It can be a tricky thing, learning to drive. There’s a lot of new skills need to get to grips with, and driving can feel like a big responsibility. It’s only natural to feel a bit worried about driving, especially if you are prone to anxiety anyway. But we can help you cope if you follow our five-step guide to learning to drive with anxiety.
Step 1: Remember, it’s normal to be worried
Any new and unfamiliar experience can make someone anxious. It could be starting uni, beginning a new career, or moving somewhere new where you don’t know anyone. You can add learning to drive to that list, because it will feel alien and odd at first.
Don’t be surprised if you feel a bit anxious tackling new skills. Most of us feel that way at some point while we learn to drive.
Step 2: Talk to your instructor
If you are nervous, and especially if you are prone to anxiety in general, talk to your instructor about it. We bet they’ll be sympathetic and will think of ways to make driving less stressful.
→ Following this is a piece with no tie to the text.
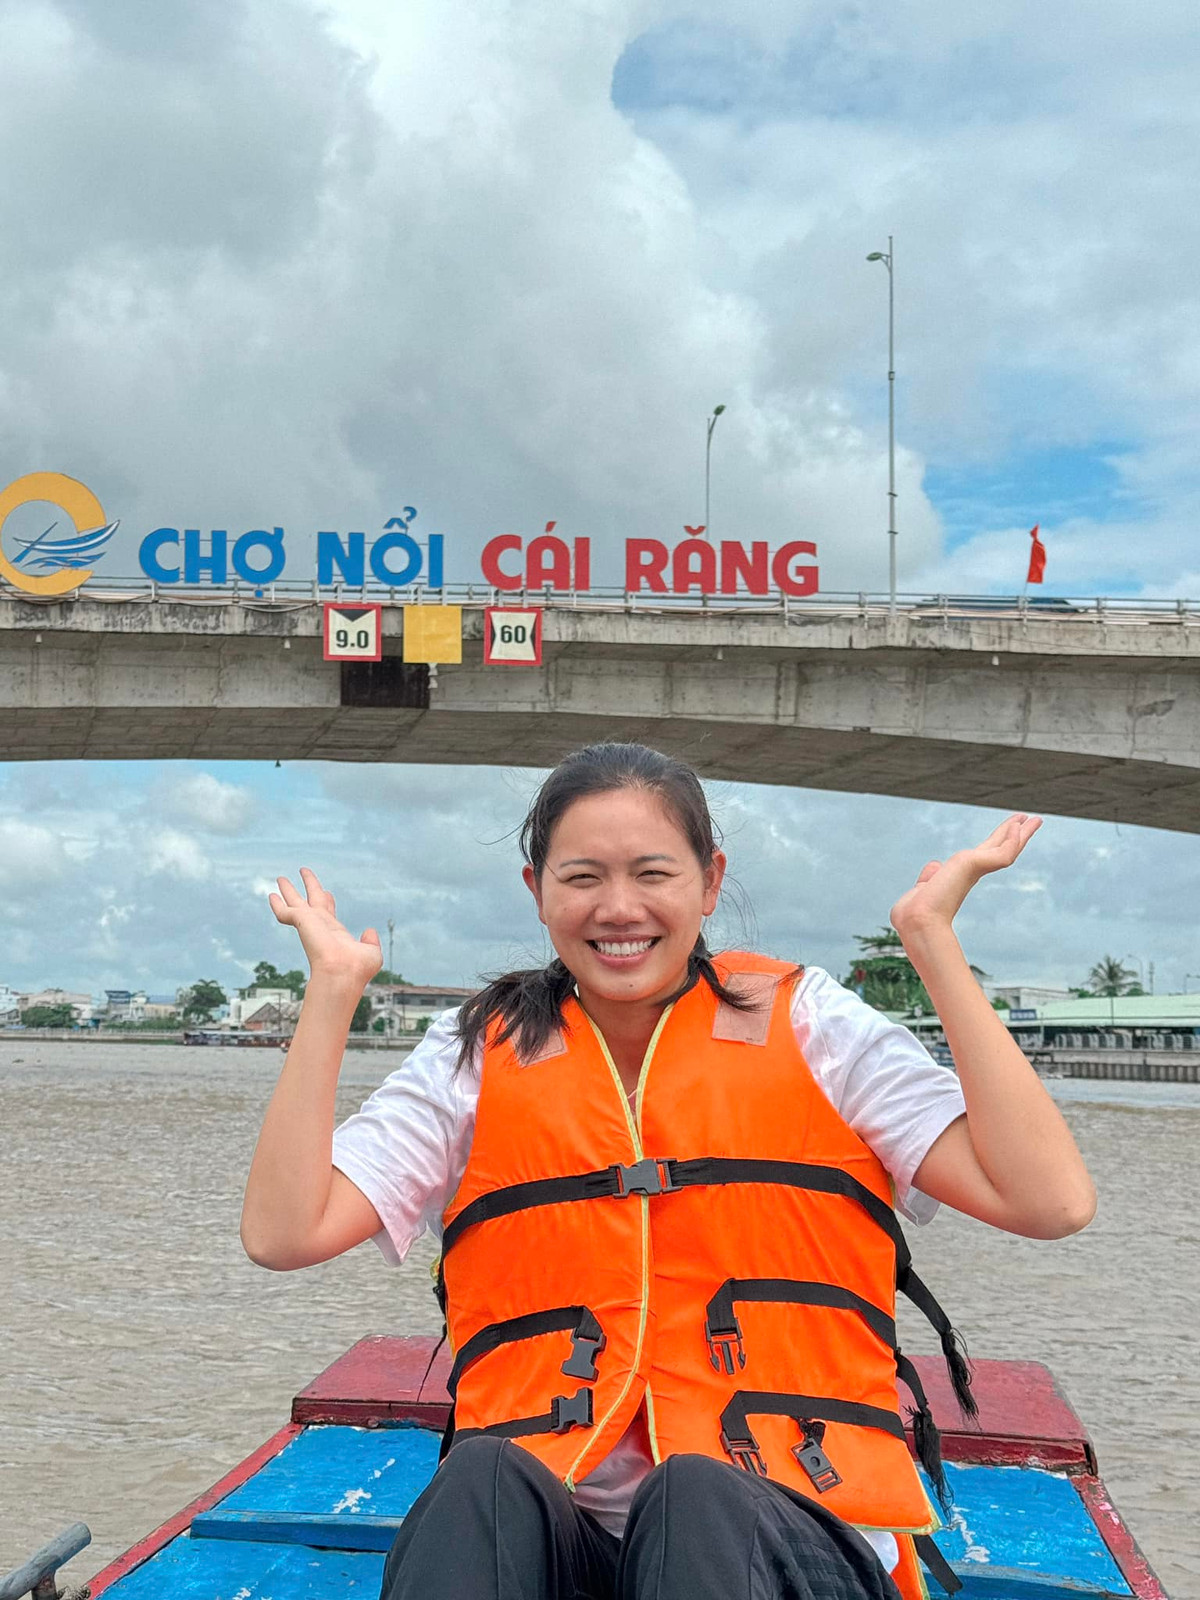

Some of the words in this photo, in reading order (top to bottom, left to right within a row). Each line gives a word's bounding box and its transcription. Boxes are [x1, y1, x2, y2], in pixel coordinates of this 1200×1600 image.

And if they don’t, well, they’re not the right instructor for you.
Any good instructor will be expecting their students to get nervous, and will have strategies to help cope with anxiety.
Step 3: Practise driving between professional lessons
Usually, the more you drive the easier learning to drive with anxiety becomes. Practice between lessons with parents can really help. Just remember to stay below the level you’ve reached with your instructor.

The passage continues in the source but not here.